**Study material**
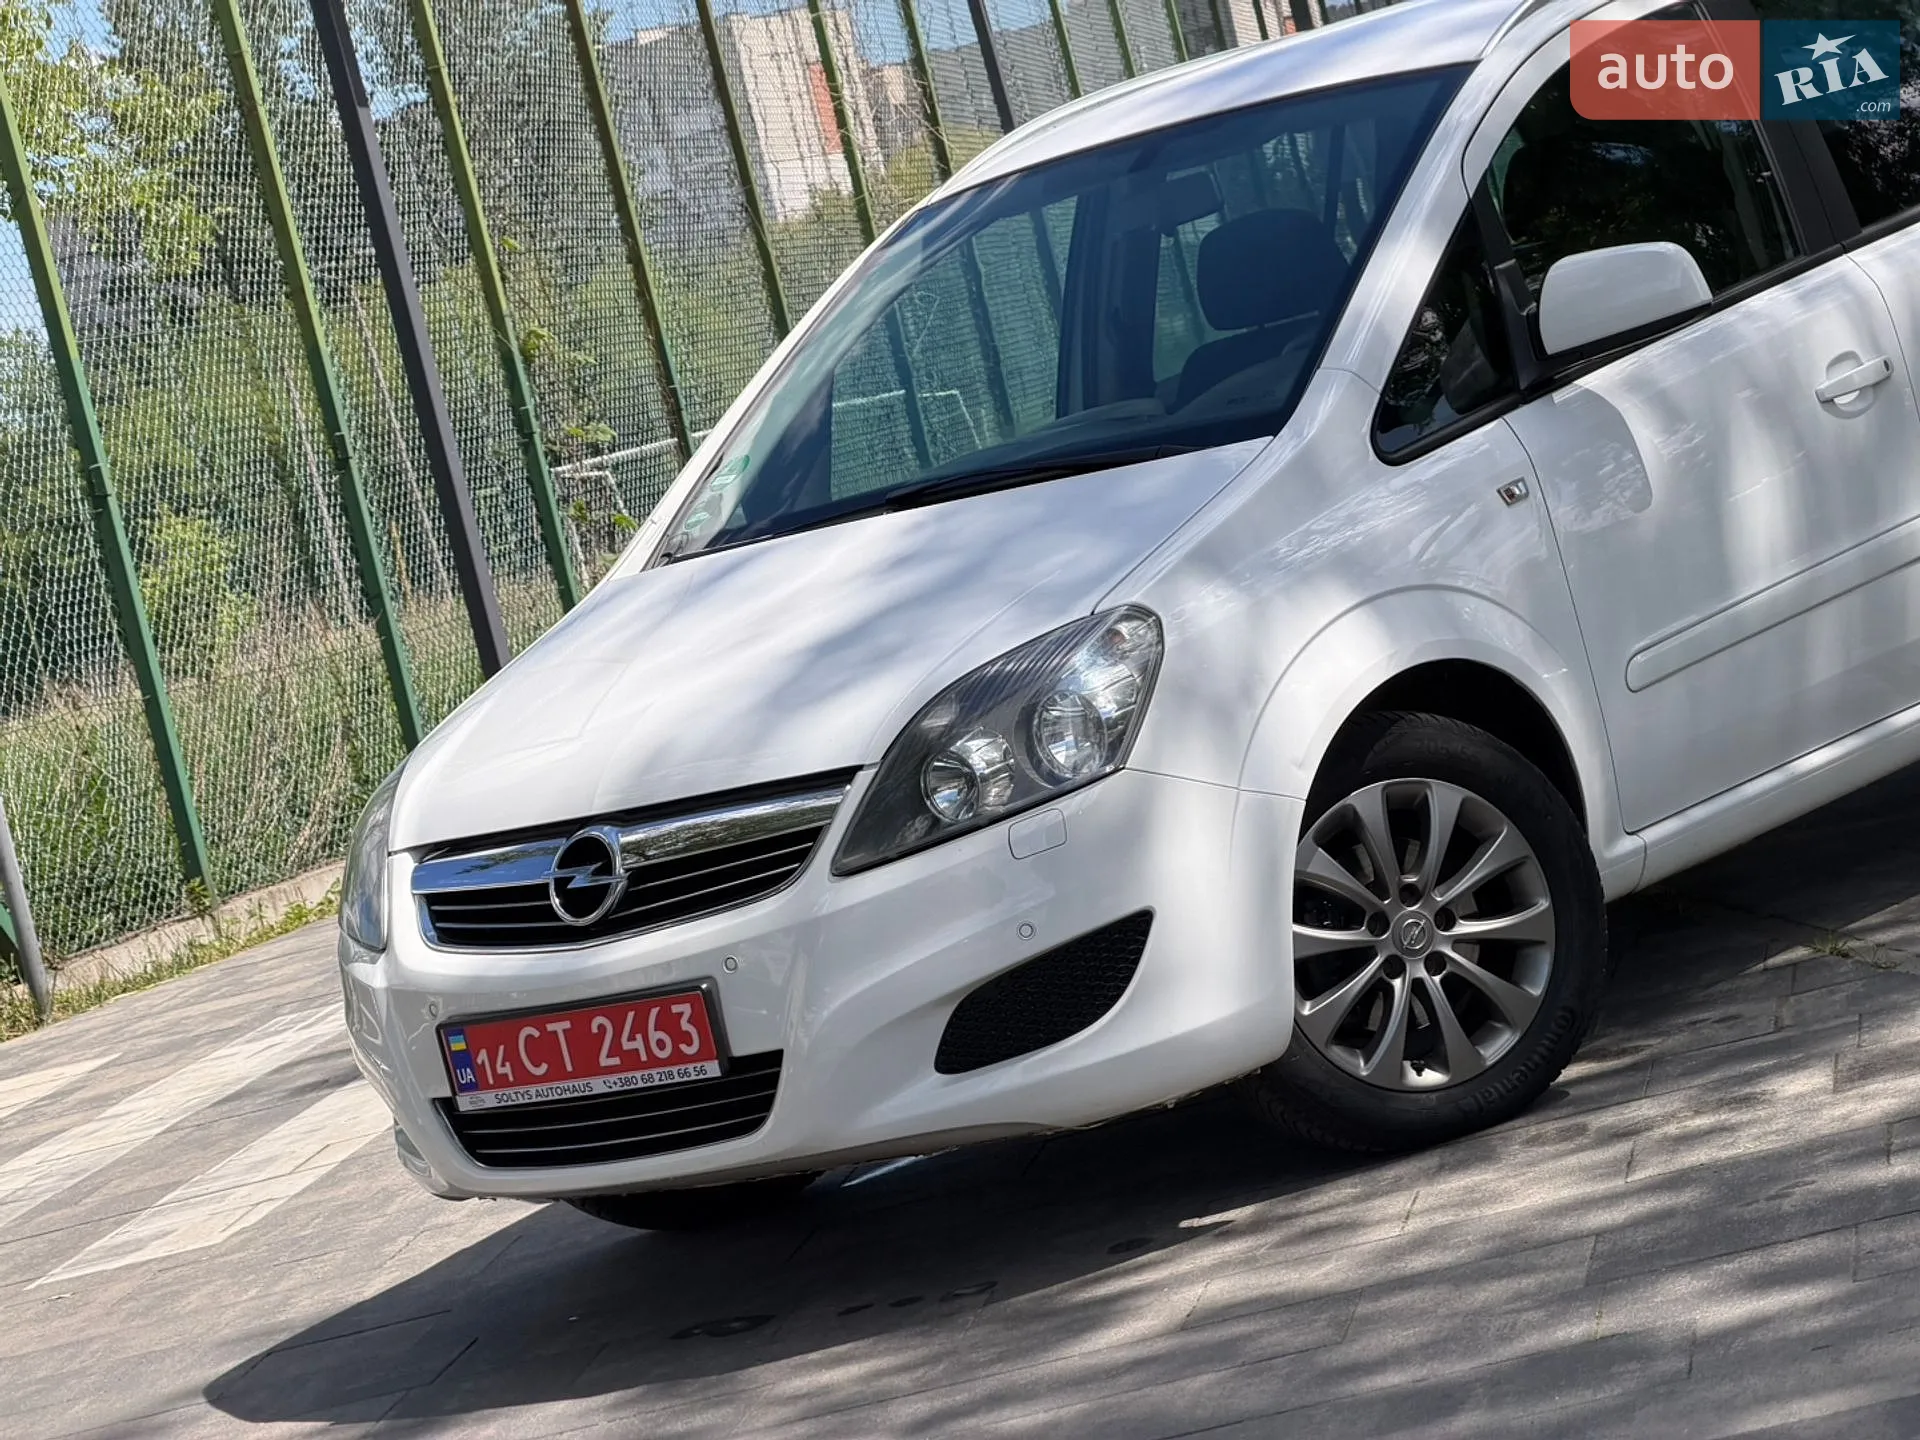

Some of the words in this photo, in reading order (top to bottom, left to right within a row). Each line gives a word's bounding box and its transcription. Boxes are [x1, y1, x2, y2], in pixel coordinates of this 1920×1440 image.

[591, 1003, 700, 1068] 2463
[456, 1067, 476, 1085] UA
[494, 1089, 533, 1104] SOLTYS
[535, 1082, 594, 1099] AUTOHAUS
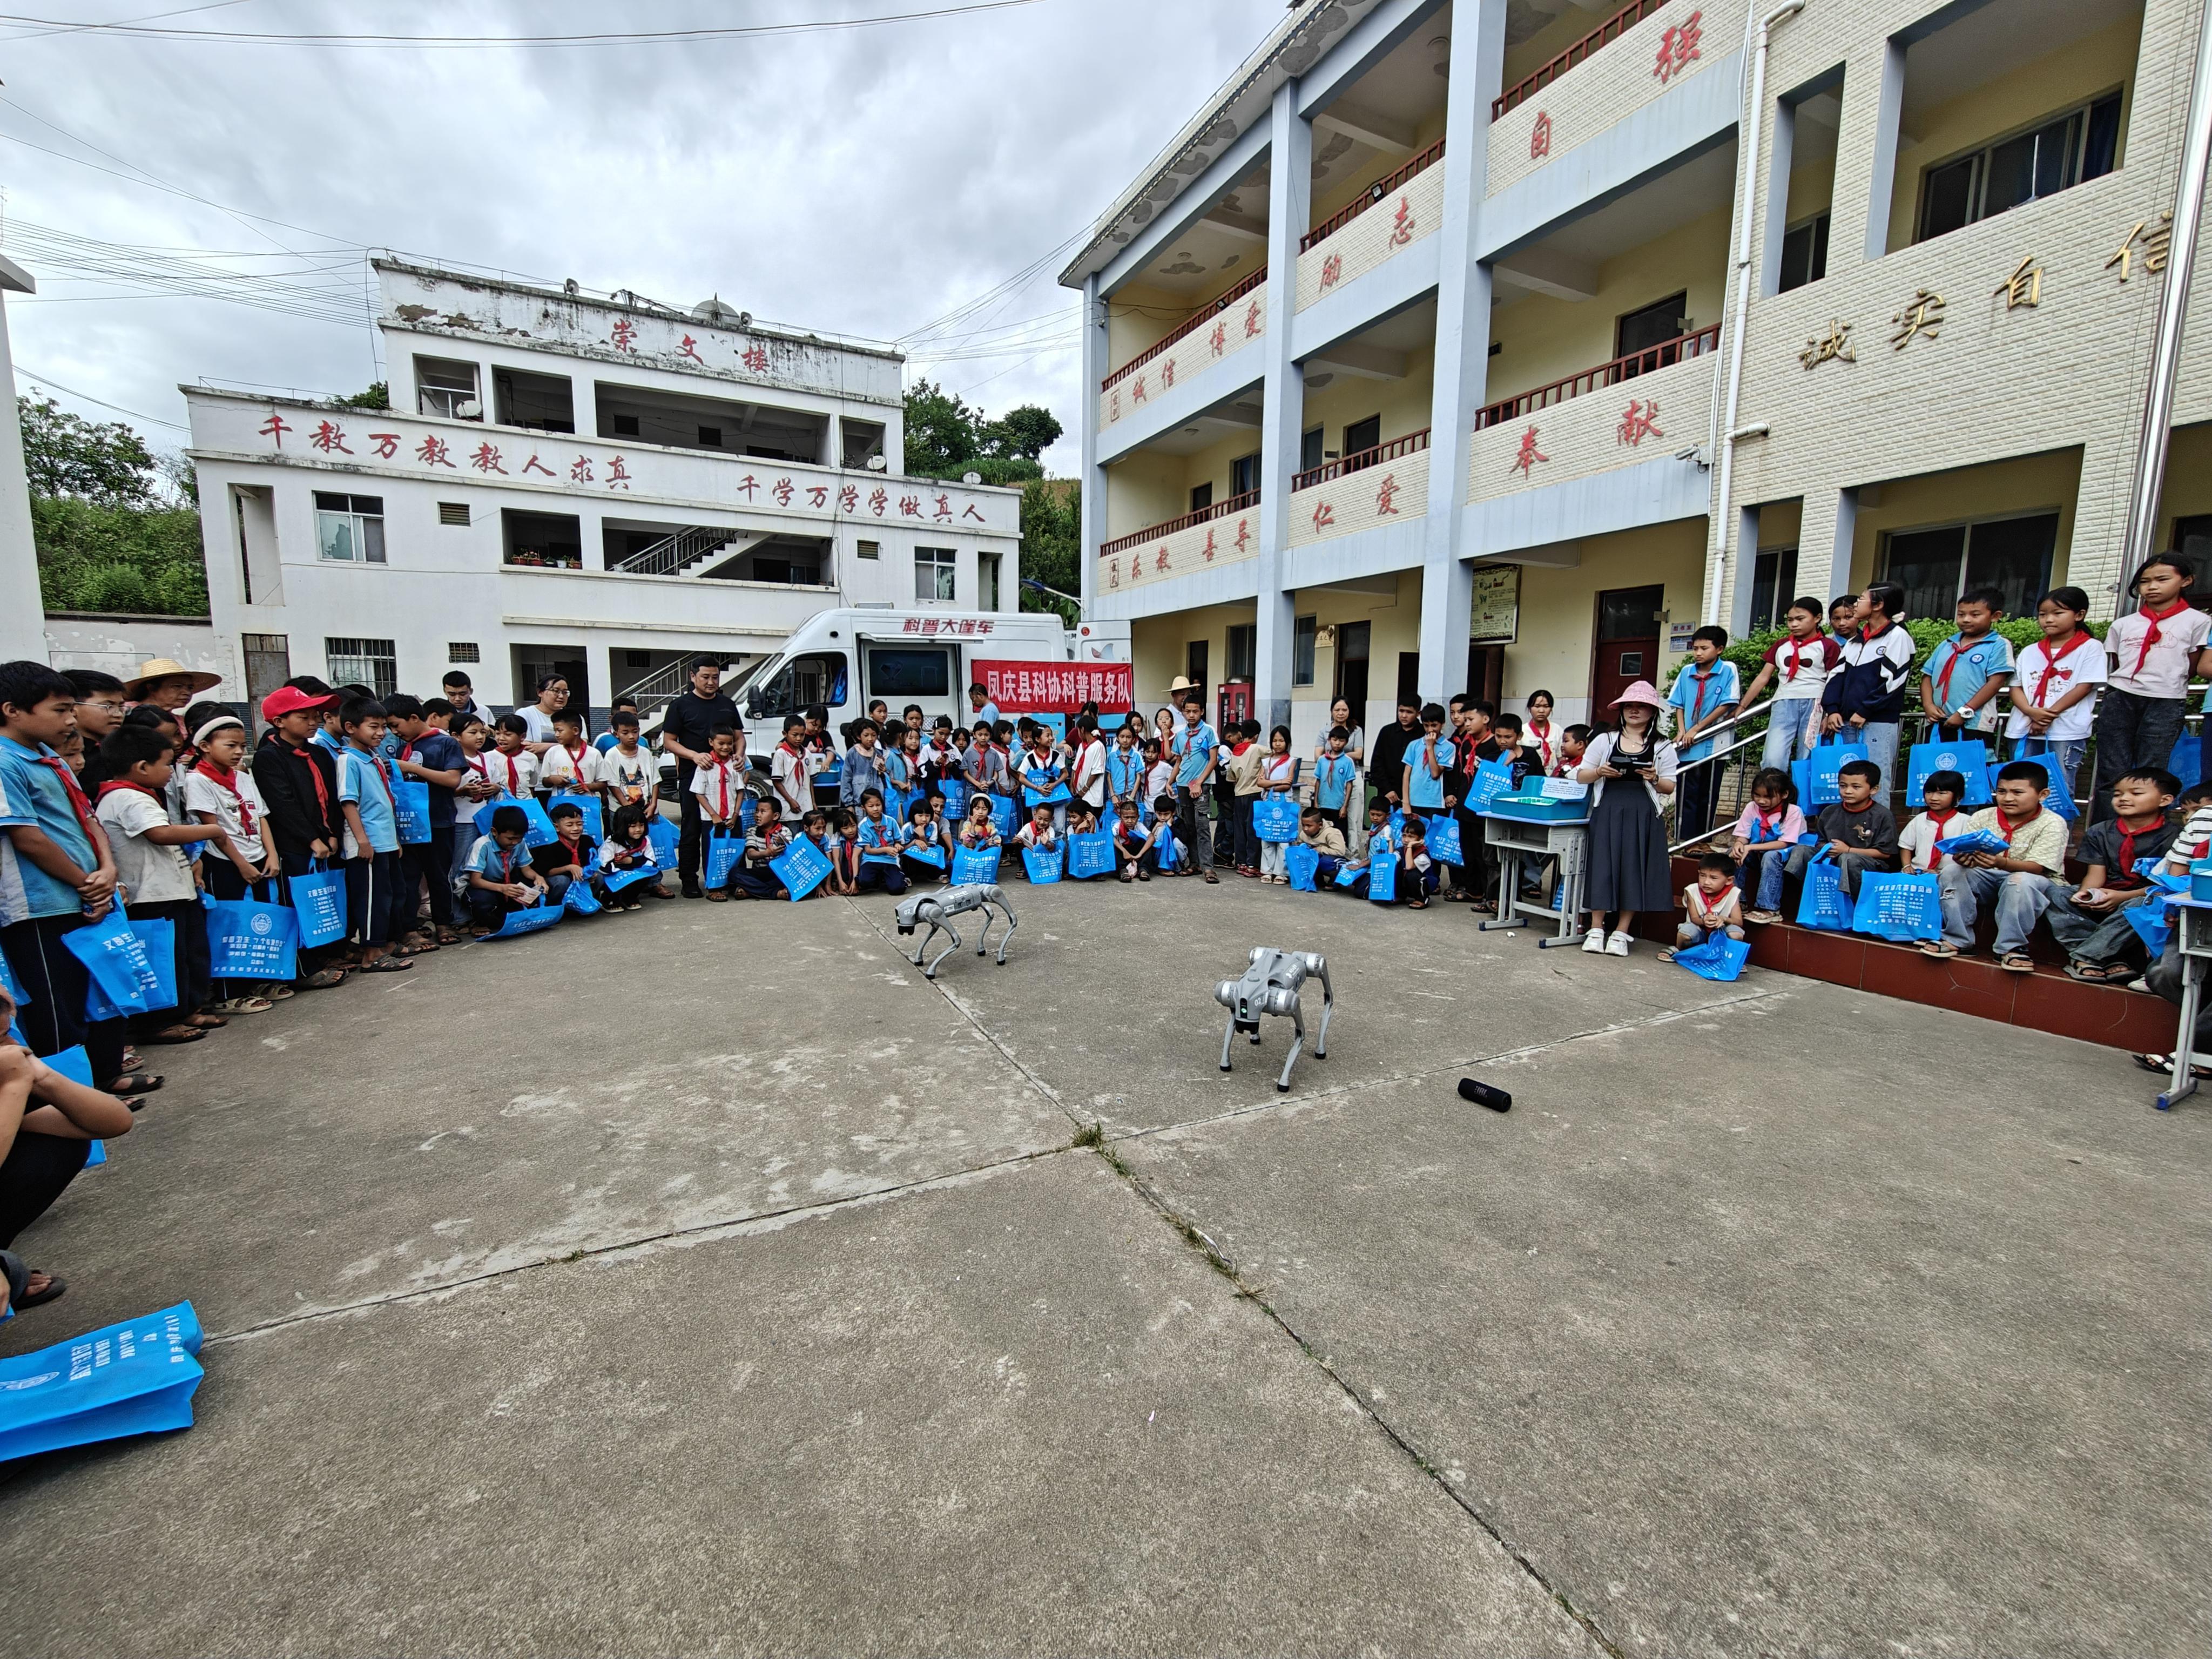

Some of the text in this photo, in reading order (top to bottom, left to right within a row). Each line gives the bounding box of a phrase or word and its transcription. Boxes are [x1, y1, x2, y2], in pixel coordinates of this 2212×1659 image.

[1210, 300, 1262, 358] 博爱
[1319, 196, 1415, 293] 励志
[1530, 10, 1703, 159] 自强
[611, 318, 770, 374] 崇文楼
[258, 415, 632, 490] 千教万教教人求真
[1312, 473, 1400, 534] 仁爱
[1509, 399, 1665, 480] 奉献
[736, 474, 986, 524] 千学万学学做真人
[902, 618, 995, 634] 科普大篷车
[987, 670, 1131, 704] 凤庆县科协科普服务队
[1254, 997, 1262, 1006] 02
[1475, 1086, 1487, 1097] JBL

**Brief**
Set down only the lines running from the line with "Some of the text" to the end of the entries above, both included, exactly as they stand.

**Exercise response**
Some of the text in this photo, in reading order (top to bottom, left to right within a row). Each line gives the bounding box of a phrase or word and its transcription. Boxes are [x1, y1, x2, y2], in pixel coordinates of this 2212×1659 image.

[1210, 300, 1262, 358] 博爱
[1319, 196, 1415, 293] 励志
[1530, 10, 1703, 159] 自强
[611, 318, 770, 374] 崇文楼
[258, 415, 632, 490] 千教万教教人求真
[1312, 473, 1400, 534] 仁爱
[1509, 399, 1665, 480] 奉献
[736, 474, 986, 524] 千学万学学做真人
[902, 618, 995, 634] 科普大篷车
[987, 670, 1131, 704] 凤庆县科协科普服务队
[1254, 997, 1262, 1006] 02
[1475, 1086, 1487, 1097] JBL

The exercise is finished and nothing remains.